As the priest spoke, Bess listened carefully to the words of the marriage ceremony, which had come into use after her second marriage. The words had been spoken at other weddings she had attended, surely, but it seemed she had never properly heard them before. Or perhaps it was that only now, at the age of thirty-one, did her soul truly understand and crave a marriage that promised the “mutual society, help, and comfort that the one ought to have of the other, both in prosperity and adversity.”

“Wilt thou have this woman to thy wedded wife,” the priest asked Will, “to live together after God’s ordinance in the holy estate of matrimony? Wilt thou love her, comfort her, honor, and keep her in sickness and in health? And forsaking all others keep thee only to her, so long as you both shall live?”

“I will.”

Will’s eyes were the color of the summer sky, thought Bess, and the feel of his hand holding hers like the home she had always sought. And to promise to obey him, serve him, love, honor, and keep him was all that her heart desired, and she answered, “I will.”

* * *

B
ESS STOOD AT THE OPEN WINDOW OF THE BEDCHAMBER, GAZING
out on the night sky. The moon had been full the previous night and hung bright and heavy like a pearl on the black velvet field of spangled stars. The scent of fruit from the orchard sweetened the air. The quiet of the countryside was broken only by the distant, mellow
whoo
of an owl, and Bess felt at peace and supremely happy.
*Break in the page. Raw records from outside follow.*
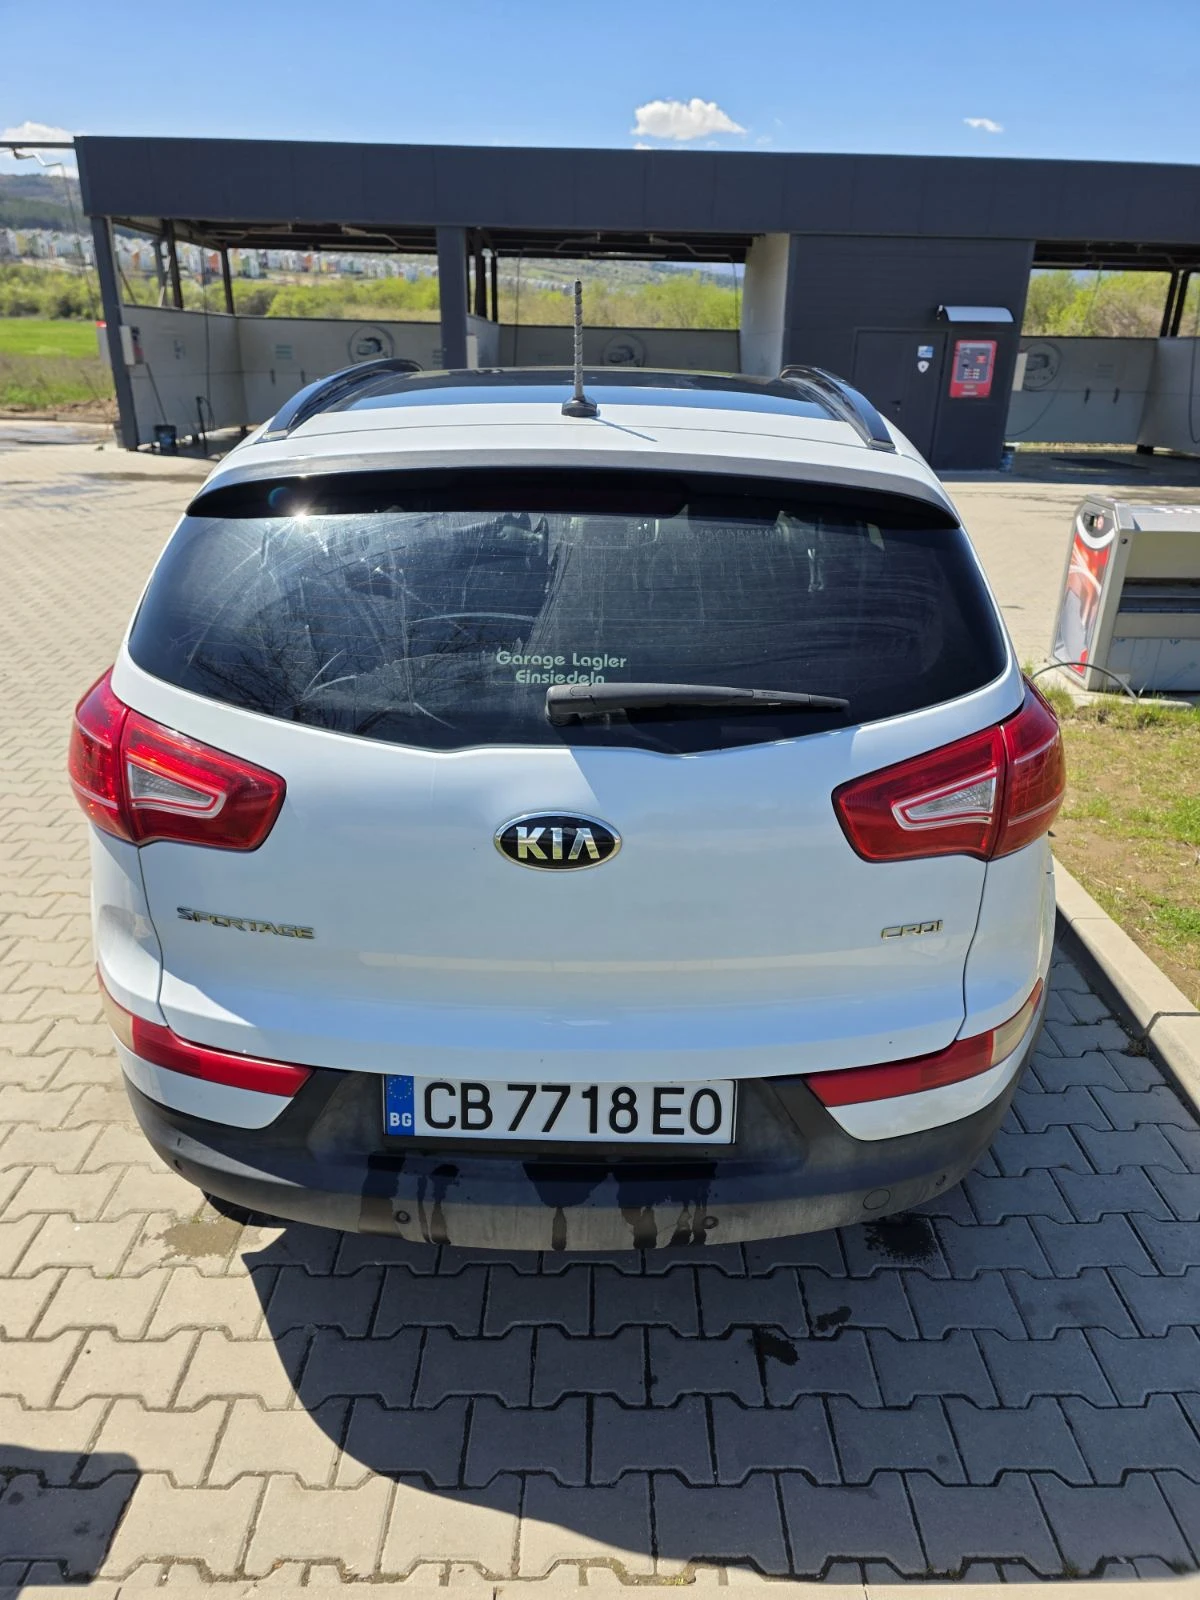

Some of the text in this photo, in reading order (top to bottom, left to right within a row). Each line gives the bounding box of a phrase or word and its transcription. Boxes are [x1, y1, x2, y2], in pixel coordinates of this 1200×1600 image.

[496, 651, 627, 670] Garage Lagler
[515, 669, 605, 684] Einsiedeln
[516, 826, 600, 860] KIA
[176, 906, 315, 939] SPORTAGE
[389, 1112, 412, 1127] BG
She turned at the sound of Will’s footsteps.

“All well?” she asked.

“Yes,” he said, setting down his candle. “Shutters closed, doors locked, fires banked. And I think all the household is asleep.”

He came to her side and took her into his arms and kissed her gently.

“I do love this place. I’m glad we chose to have the wedding here rather than in London.”

Bess nodded, sliding her hands beneath his doublet and against his chest, marveling as always at the live firmness of his muscles. One of his hands caressed the back of her neck, the other held her body close against him, and she felt herself begin to take fire. He kissed her, his mouth opening hers, his lips and tongue soft and warm and sweet, tasting faintly of ale.

He untied the ribbon at the neck of her shift and caressed one of her breasts, the rough skin of his fingers rousing her nipple to hardness, and Bess moaned with desire. She felt the hardness of him against her belly, and threw her head back as his lips traveled to her throat, then down to kiss her breasts, cupping them so that he could bring his mouth first to one and then the other.

“Oh, my love,” she gasped. “How I have longed for you.”

He lifted her into his arms and carried her to the bed, and she sank into the softness of the bedding, opening her arms to him. His hand encircled her ankle, then moved up her leg, sliding against the smoothness of her skin until he brushed against the soft nest between her thighs. Bess gasped as his fingers caressed her, spreading her honeyed wetness, his touch rousing her to a pitch of desire. She moved against him, giving herself over to the waves of pleasure that built within her as his hand moved over her, in her, his touch like liquid flame. She cried out as she reached a shattering crest, calling out his name as wave after wave shook her.

He took his hands from her only long enough to pull off his shirt and shed his breeches, and then he knelt between her thighs and entered her, filling her, thrusting himself to her very core, and she arched up to meet him, wrapping her legs around him to hold him deep within her. His strokes built from slow and languorous to rapid and powerful, pinning her to the bed, possessing her.

“Ah, my Bess.” His voice was a low growl in her ear and she sobbed with the pleasure of the feel of him, nuzzling his neck, and then biting softly as he brought her to another crashing peak. She felt as though her edges had blurred, there was no Bess anymore, only undulating waves of sensation.

Later, much later, they lay entangled in each other’s arms, legs entwined, and Bess felt as though all division between them had been driven away by the intensity of their merging, that their skins and souls had melded in the crucible of their passion. She kissed his shoulder, trailed her fingers across the silk of his skin, and drifted off to sleep, conscious that the first pale light of dawn was lightening the sky.